**EXCERPTED DATA**:

<<<<

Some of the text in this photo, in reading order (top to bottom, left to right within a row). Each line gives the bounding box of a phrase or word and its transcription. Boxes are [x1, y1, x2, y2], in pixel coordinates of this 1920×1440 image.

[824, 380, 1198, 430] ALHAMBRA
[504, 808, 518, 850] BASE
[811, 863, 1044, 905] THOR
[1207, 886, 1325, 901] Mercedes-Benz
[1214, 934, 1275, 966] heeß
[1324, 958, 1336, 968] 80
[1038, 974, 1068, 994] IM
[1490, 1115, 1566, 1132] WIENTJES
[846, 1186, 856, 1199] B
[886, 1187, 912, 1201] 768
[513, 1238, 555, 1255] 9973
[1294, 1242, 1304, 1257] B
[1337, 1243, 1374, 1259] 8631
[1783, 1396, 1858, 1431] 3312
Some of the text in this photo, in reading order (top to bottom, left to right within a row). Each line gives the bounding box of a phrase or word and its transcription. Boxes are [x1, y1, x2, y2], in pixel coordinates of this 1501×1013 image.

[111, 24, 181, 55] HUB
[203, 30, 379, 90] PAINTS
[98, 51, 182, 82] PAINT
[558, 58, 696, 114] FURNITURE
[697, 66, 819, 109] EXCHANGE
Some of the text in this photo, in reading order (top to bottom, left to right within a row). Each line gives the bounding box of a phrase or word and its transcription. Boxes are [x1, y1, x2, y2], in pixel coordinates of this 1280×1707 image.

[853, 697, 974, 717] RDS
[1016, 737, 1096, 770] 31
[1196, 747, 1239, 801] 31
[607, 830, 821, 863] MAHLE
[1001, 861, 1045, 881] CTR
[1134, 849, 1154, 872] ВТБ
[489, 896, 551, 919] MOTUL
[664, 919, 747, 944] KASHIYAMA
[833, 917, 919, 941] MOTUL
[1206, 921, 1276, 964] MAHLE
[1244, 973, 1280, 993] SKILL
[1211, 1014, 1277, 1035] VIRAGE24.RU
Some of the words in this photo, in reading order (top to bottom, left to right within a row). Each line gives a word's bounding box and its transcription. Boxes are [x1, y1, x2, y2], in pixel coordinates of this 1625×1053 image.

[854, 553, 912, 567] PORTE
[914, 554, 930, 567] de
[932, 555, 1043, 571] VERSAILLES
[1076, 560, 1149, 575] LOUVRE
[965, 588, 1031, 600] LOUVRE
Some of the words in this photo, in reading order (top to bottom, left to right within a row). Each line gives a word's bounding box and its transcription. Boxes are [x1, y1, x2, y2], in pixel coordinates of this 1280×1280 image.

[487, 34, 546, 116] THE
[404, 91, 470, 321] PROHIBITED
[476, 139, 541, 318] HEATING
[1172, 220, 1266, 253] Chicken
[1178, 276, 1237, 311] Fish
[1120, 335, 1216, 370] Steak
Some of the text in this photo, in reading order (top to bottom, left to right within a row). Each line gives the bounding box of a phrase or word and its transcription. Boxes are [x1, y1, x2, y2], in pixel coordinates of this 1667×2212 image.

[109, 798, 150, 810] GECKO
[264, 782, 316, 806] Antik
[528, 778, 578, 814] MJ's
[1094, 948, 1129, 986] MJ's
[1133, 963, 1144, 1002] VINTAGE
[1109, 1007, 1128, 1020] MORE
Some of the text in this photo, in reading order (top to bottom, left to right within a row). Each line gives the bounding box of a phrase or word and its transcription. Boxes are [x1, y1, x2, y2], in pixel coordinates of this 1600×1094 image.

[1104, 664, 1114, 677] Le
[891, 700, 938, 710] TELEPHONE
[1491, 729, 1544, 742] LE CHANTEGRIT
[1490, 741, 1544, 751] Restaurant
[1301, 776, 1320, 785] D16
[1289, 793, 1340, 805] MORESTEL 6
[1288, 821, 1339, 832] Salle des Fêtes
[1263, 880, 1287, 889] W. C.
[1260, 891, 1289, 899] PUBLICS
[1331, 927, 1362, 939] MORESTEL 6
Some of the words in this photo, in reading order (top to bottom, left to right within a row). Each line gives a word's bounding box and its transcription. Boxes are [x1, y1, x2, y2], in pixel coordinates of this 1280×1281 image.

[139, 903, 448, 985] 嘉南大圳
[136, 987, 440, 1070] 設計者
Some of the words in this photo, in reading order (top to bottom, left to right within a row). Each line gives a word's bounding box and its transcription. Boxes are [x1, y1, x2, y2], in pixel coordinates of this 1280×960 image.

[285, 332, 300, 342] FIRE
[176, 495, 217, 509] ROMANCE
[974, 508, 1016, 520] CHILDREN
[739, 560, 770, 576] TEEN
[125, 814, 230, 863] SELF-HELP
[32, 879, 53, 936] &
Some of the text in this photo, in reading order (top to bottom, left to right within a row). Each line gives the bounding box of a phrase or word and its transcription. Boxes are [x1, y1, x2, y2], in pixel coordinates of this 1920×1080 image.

>>>>

**WORK ITEM**: An exact copy of the lines from the one containing "this 1280×1281 image." through the end of the data above is the whole answer.

**RESULT OF THIS TASK**:
Some of the words in this photo, in reading order (top to bottom, left to right within a row). Each line gives a word's bounding box and its transcription. Boxes are [x1, y1, x2, y2], in pixel coordinates of this 1280×1281 image.

[139, 903, 448, 985] 嘉南大圳
[136, 987, 440, 1070] 設計者
Some of the words in this photo, in reading order (top to bottom, left to right within a row). Each line gives a word's bounding box and its transcription. Boxes are [x1, y1, x2, y2], in pixel coordinates of this 1280×960 image.

[285, 332, 300, 342] FIRE
[176, 495, 217, 509] ROMANCE
[974, 508, 1016, 520] CHILDREN
[739, 560, 770, 576] TEEN
[125, 814, 230, 863] SELF-HELP
[32, 879, 53, 936] &
Some of the text in this photo, in reading order (top to bottom, left to right within a row). Each line gives the bounding box of a phrase or word and its transcription. Boxes are [x1, y1, x2, y2], in pixel coordinates of this 1920×1080 image.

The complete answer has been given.